(Listed records)
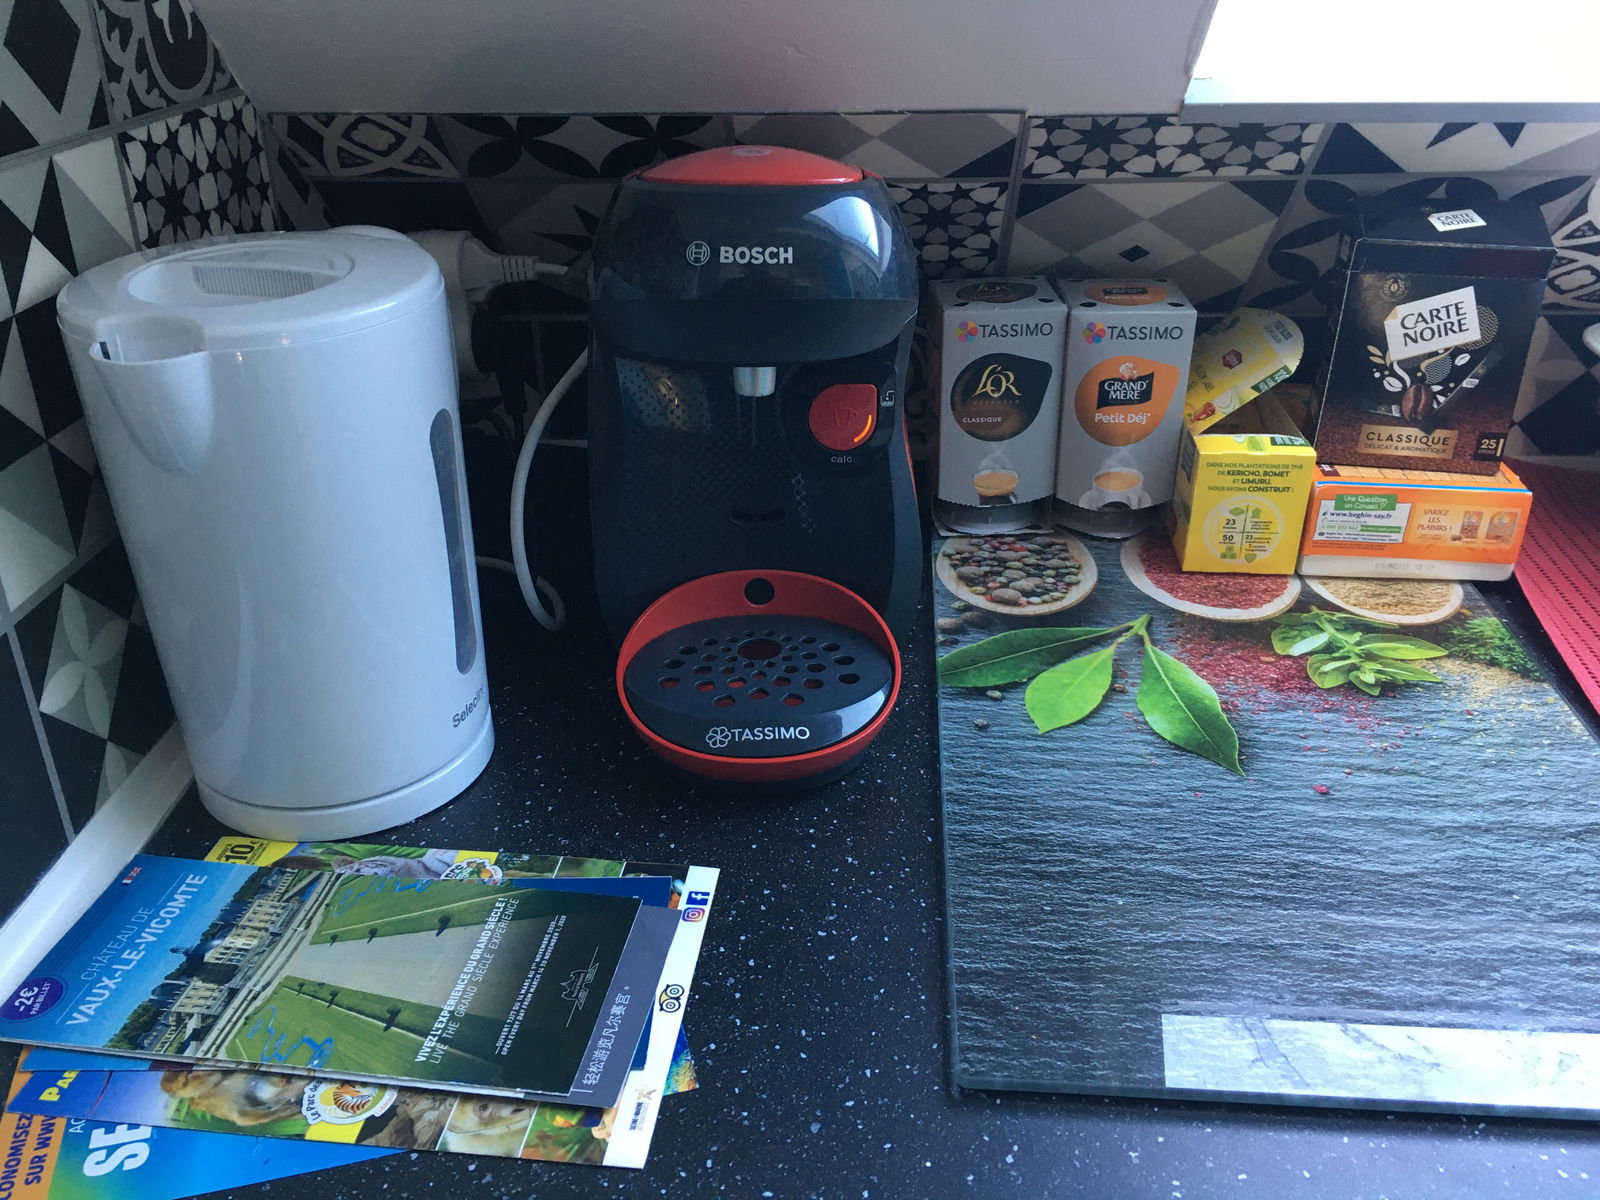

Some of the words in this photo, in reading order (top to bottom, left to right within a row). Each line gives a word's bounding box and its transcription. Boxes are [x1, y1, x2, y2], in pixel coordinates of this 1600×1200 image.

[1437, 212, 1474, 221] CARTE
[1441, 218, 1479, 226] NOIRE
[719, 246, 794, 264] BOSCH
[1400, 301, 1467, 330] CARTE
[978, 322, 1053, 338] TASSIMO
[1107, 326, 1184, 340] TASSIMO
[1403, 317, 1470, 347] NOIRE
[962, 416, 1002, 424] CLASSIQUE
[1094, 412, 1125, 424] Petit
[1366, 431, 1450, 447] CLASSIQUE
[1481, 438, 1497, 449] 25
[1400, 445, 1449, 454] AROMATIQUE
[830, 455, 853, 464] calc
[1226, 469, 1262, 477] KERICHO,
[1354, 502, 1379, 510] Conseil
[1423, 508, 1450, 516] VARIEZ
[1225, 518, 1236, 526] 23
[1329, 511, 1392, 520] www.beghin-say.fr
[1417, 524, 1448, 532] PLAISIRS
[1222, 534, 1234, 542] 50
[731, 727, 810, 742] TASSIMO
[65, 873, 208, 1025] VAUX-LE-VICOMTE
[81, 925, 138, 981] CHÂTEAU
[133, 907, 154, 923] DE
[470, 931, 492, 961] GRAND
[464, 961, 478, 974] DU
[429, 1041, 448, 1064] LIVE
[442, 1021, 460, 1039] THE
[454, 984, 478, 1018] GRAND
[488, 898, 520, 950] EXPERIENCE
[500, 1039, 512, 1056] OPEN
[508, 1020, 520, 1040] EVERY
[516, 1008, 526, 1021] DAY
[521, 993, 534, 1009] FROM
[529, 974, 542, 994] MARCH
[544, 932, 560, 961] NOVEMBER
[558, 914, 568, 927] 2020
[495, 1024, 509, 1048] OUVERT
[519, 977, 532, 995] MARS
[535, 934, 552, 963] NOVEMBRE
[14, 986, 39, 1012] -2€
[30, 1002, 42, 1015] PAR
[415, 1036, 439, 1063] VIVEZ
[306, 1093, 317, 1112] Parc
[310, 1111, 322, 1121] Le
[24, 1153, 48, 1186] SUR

(What this task involves)
Every line above with the string "CARTE" in it should be copied into the answer.

(Task output)
[1437, 212, 1474, 221] CARTE
[1400, 301, 1467, 330] CARTE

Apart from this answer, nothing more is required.